Start of Block
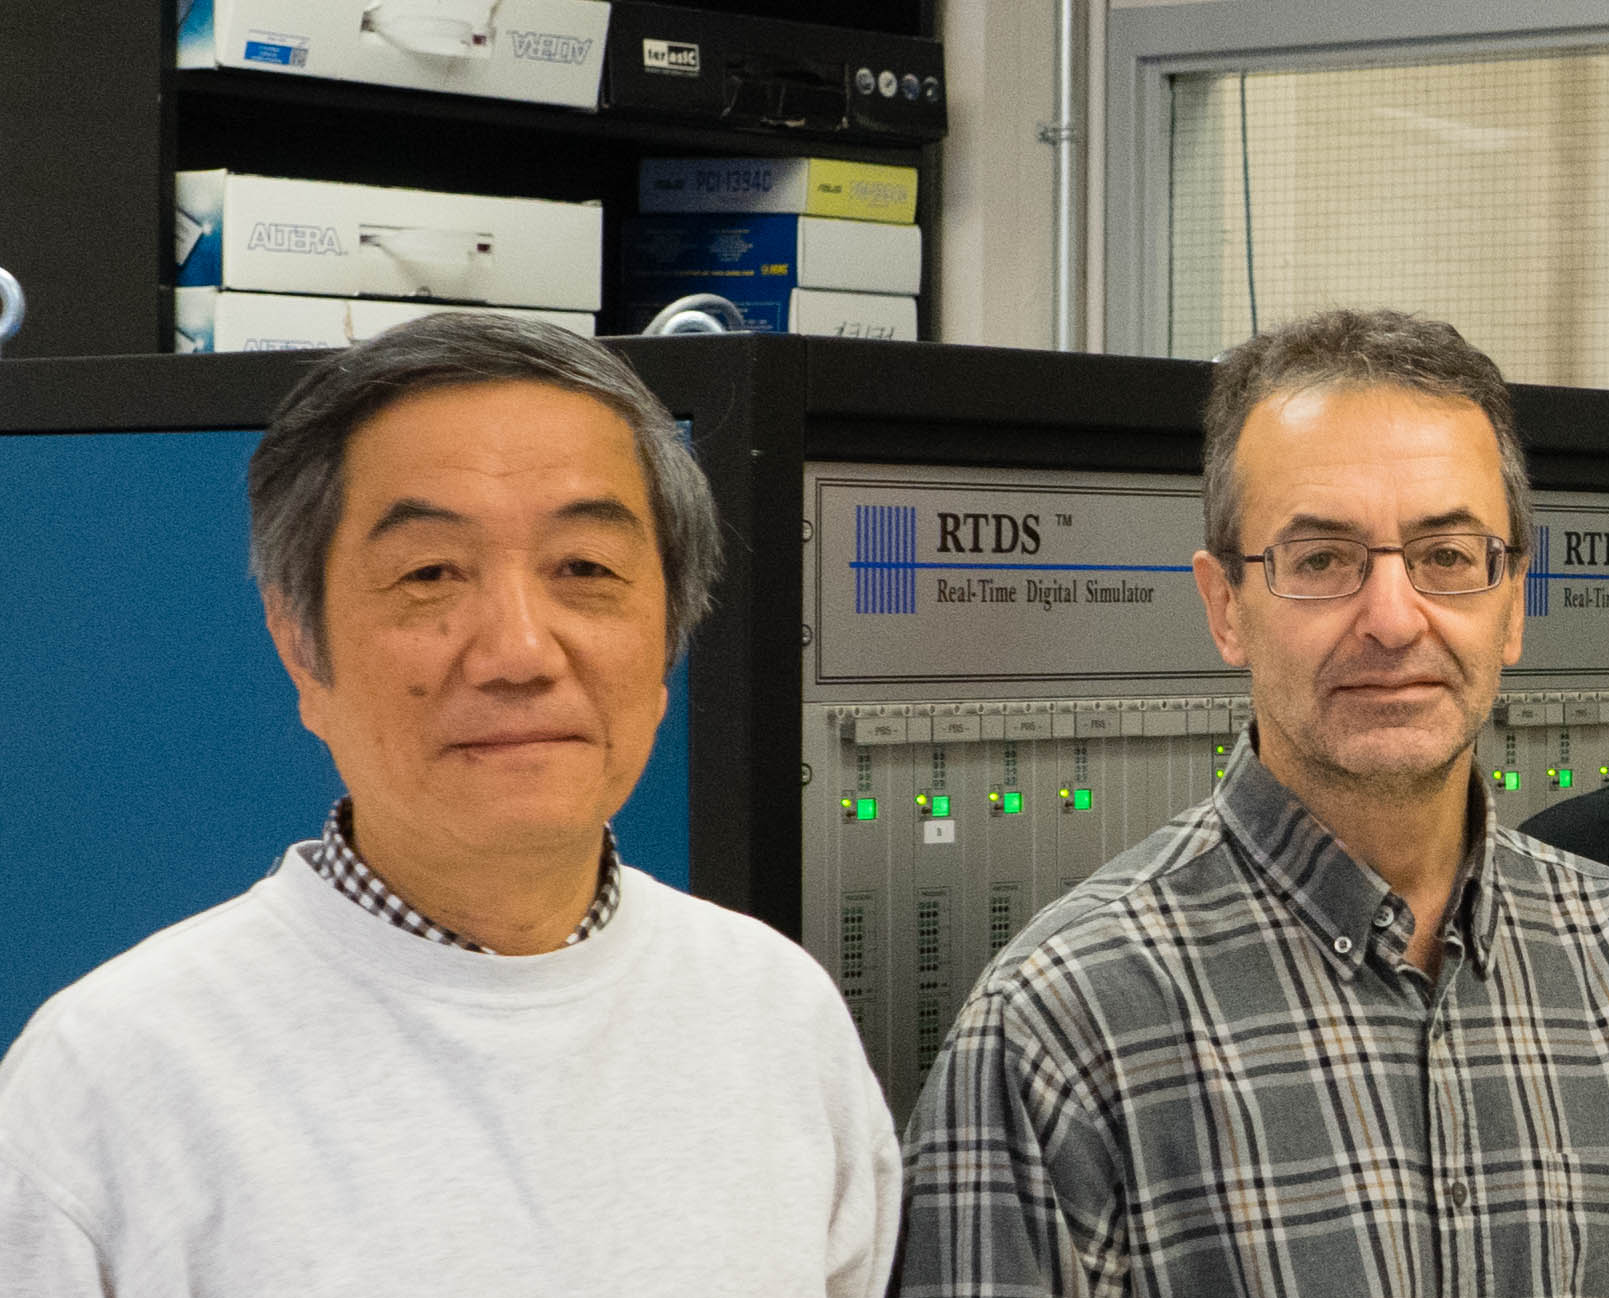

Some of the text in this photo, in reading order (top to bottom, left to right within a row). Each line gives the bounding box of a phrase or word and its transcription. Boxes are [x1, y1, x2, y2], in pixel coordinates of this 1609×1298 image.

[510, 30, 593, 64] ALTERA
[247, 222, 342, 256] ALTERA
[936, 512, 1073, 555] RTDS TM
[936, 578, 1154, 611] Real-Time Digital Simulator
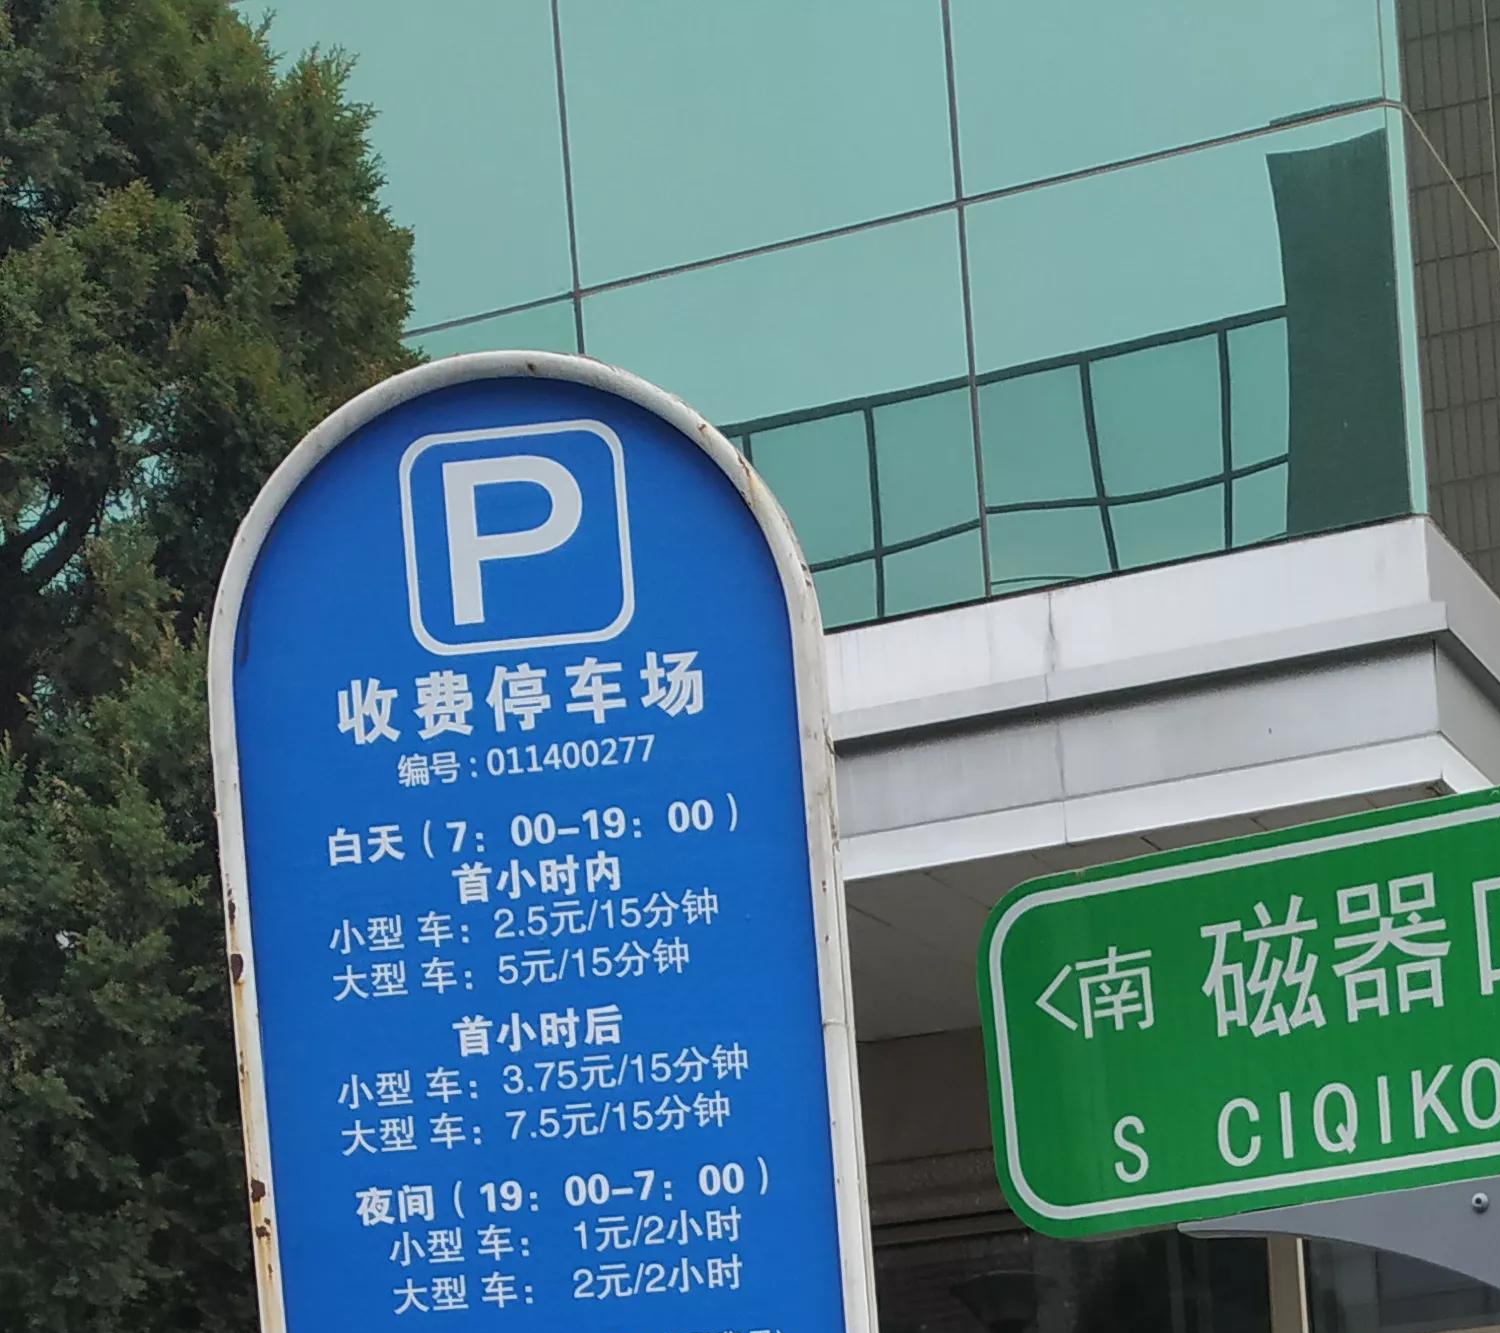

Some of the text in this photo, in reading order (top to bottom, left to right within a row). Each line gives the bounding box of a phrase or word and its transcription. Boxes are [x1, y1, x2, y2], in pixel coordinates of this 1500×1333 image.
End of Block
* WORK INSTRUCTION *
If an entry holds a picture, skip the picture and print the rest of the data exactly.

* EXERCISE OUTPUT *
Some of the text in this photo, in reading order (top to bottom, left to right within a row). Each line gives the bounding box of a phrase or word and its transcription. Boxes are [x1, y1, x2, y2], in pixel coordinates of this 1609×1298 image.

[510, 30, 593, 64] ALTERA
[247, 222, 342, 256] ALTERA
[936, 512, 1073, 555] RTDS TM
[936, 578, 1154, 611] Real-Time Digital Simulator

Some of the text in this photo, in reading order (top to bottom, left to right within a row). Each line gives the bounding box of a phrase or word and its transcription. Boxes are [x1, y1, x2, y2], in pixel coordinates of this 1500×1333 image.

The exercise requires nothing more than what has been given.